The problem: Return the records that follow, unchanged and complete.

Stored data:

▼

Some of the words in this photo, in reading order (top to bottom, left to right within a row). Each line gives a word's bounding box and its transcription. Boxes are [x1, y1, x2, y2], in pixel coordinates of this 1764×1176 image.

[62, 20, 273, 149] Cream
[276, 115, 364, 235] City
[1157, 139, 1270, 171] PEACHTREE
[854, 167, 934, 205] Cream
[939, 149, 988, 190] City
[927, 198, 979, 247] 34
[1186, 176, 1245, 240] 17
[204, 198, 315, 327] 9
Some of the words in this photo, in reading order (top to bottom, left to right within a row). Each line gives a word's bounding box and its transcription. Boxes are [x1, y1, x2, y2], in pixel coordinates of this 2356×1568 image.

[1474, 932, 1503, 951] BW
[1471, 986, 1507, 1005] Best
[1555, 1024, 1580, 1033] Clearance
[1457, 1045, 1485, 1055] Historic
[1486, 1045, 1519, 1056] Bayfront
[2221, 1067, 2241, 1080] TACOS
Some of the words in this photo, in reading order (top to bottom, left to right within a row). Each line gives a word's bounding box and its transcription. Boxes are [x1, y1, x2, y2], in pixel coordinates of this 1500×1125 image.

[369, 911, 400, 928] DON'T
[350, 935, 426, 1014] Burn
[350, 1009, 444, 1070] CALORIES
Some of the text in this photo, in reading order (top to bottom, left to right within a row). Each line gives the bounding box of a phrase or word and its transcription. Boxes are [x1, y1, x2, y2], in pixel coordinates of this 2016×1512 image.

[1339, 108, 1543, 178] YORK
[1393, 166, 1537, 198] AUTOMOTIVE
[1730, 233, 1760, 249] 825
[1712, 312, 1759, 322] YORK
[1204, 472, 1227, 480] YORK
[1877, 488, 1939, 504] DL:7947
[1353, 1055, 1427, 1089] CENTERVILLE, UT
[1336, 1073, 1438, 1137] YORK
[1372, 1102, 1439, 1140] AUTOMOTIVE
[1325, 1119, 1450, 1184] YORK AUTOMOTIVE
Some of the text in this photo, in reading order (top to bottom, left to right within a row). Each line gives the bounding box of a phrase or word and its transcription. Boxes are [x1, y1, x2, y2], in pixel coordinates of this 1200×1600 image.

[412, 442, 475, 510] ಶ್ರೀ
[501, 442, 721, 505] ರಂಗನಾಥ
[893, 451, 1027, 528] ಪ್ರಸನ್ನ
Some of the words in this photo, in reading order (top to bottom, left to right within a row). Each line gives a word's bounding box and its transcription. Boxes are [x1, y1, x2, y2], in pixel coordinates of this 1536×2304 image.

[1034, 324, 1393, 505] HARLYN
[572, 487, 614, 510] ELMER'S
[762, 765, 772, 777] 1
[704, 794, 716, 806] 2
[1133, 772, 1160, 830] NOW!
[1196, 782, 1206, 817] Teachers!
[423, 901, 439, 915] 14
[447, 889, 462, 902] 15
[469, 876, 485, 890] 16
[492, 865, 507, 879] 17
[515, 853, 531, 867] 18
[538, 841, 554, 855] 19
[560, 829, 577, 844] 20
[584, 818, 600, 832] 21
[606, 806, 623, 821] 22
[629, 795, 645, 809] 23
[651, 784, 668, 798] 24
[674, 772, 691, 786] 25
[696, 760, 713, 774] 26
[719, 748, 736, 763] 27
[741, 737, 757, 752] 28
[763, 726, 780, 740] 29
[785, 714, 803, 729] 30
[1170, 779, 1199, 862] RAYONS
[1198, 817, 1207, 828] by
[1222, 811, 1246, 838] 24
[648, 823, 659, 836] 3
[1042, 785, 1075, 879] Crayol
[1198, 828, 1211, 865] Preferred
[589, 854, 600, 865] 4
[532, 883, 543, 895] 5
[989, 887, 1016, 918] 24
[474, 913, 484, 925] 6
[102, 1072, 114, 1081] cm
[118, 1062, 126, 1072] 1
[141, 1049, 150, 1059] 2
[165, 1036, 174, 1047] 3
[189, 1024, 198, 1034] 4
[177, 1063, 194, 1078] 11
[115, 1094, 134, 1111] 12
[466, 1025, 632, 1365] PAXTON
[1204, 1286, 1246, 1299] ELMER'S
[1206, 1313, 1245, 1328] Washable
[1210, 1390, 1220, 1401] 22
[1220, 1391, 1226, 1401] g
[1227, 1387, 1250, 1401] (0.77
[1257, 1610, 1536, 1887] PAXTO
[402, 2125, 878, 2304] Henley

▲

Result of the exercise:
Some of the words in this photo, in reading order (top to bottom, left to right within a row). Each line gives a word's bounding box and its transcription. Boxes are [x1, y1, x2, y2], in pixel coordinates of this 1764×1176 image.

[62, 20, 273, 149] Cream
[276, 115, 364, 235] City
[1157, 139, 1270, 171] PEACHTREE
[854, 167, 934, 205] Cream
[939, 149, 988, 190] City
[927, 198, 979, 247] 34
[1186, 176, 1245, 240] 17
[204, 198, 315, 327] 9
Some of the words in this photo, in reading order (top to bottom, left to right within a row). Each line gives a word's bounding box and its transcription. Boxes are [x1, y1, x2, y2], in pixel coordinates of this 2356×1568 image.

[1474, 932, 1503, 951] BW
[1471, 986, 1507, 1005] Best
[1555, 1024, 1580, 1033] Clearance
[1457, 1045, 1485, 1055] Historic
[1486, 1045, 1519, 1056] Bayfront
[2221, 1067, 2241, 1080] TACOS
Some of the words in this photo, in reading order (top to bottom, left to right within a row). Each line gives a word's bounding box and its transcription. Boxes are [x1, y1, x2, y2], in pixel coordinates of this 1500×1125 image.

[369, 911, 400, 928] DON'T
[350, 935, 426, 1014] Burn
[350, 1009, 444, 1070] CALORIES
Some of the text in this photo, in reading order (top to bottom, left to right within a row). Each line gives the bounding box of a phrase or word and its transcription. Boxes are [x1, y1, x2, y2], in pixel coordinates of this 2016×1512 image.

[1339, 108, 1543, 178] YORK
[1393, 166, 1537, 198] AUTOMOTIVE
[1730, 233, 1760, 249] 825
[1712, 312, 1759, 322] YORK
[1204, 472, 1227, 480] YORK
[1877, 488, 1939, 504] DL:7947
[1353, 1055, 1427, 1089] CENTERVILLE, UT
[1336, 1073, 1438, 1137] YORK
[1372, 1102, 1439, 1140] AUTOMOTIVE
[1325, 1119, 1450, 1184] YORK AUTOMOTIVE
Some of the text in this photo, in reading order (top to bottom, left to right within a row). Each line gives the bounding box of a phrase or word and its transcription. Boxes are [x1, y1, x2, y2], in pixel coordinates of this 1200×1600 image.

[412, 442, 475, 510] ಶ್ರೀ
[501, 442, 721, 505] ರಂಗನಾಥ
[893, 451, 1027, 528] ಪ್ರಸನ್ನ
Some of the words in this photo, in reading order (top to bottom, left to right within a row). Each line gives a word's bounding box and its transcription. Boxes are [x1, y1, x2, y2], in pixel coordinates of this 1536×2304 image.

[1034, 324, 1393, 505] HARLYN
[572, 487, 614, 510] ELMER'S
[762, 765, 772, 777] 1
[704, 794, 716, 806] 2
[1133, 772, 1160, 830] NOW!
[1196, 782, 1206, 817] Teachers!
[423, 901, 439, 915] 14
[447, 889, 462, 902] 15
[469, 876, 485, 890] 16
[492, 865, 507, 879] 17
[515, 853, 531, 867] 18
[538, 841, 554, 855] 19
[560, 829, 577, 844] 20
[584, 818, 600, 832] 21
[606, 806, 623, 821] 22
[629, 795, 645, 809] 23
[651, 784, 668, 798] 24
[674, 772, 691, 786] 25
[696, 760, 713, 774] 26
[719, 748, 736, 763] 27
[741, 737, 757, 752] 28
[763, 726, 780, 740] 29
[785, 714, 803, 729] 30
[1170, 779, 1199, 862] RAYONS
[1198, 817, 1207, 828] by
[1222, 811, 1246, 838] 24
[648, 823, 659, 836] 3
[1042, 785, 1075, 879] Crayol
[1198, 828, 1211, 865] Preferred
[589, 854, 600, 865] 4
[532, 883, 543, 895] 5
[989, 887, 1016, 918] 24
[474, 913, 484, 925] 6
[102, 1072, 114, 1081] cm
[118, 1062, 126, 1072] 1
[141, 1049, 150, 1059] 2
[165, 1036, 174, 1047] 3
[189, 1024, 198, 1034] 4
[177, 1063, 194, 1078] 11
[115, 1094, 134, 1111] 12
[466, 1025, 632, 1365] PAXTON
[1204, 1286, 1246, 1299] ELMER'S
[1206, 1313, 1245, 1328] Washable
[1210, 1390, 1220, 1401] 22
[1220, 1391, 1226, 1401] g
[1227, 1387, 1250, 1401] (0.77
[1257, 1610, 1536, 1887] PAXTO
[402, 2125, 878, 2304] Henley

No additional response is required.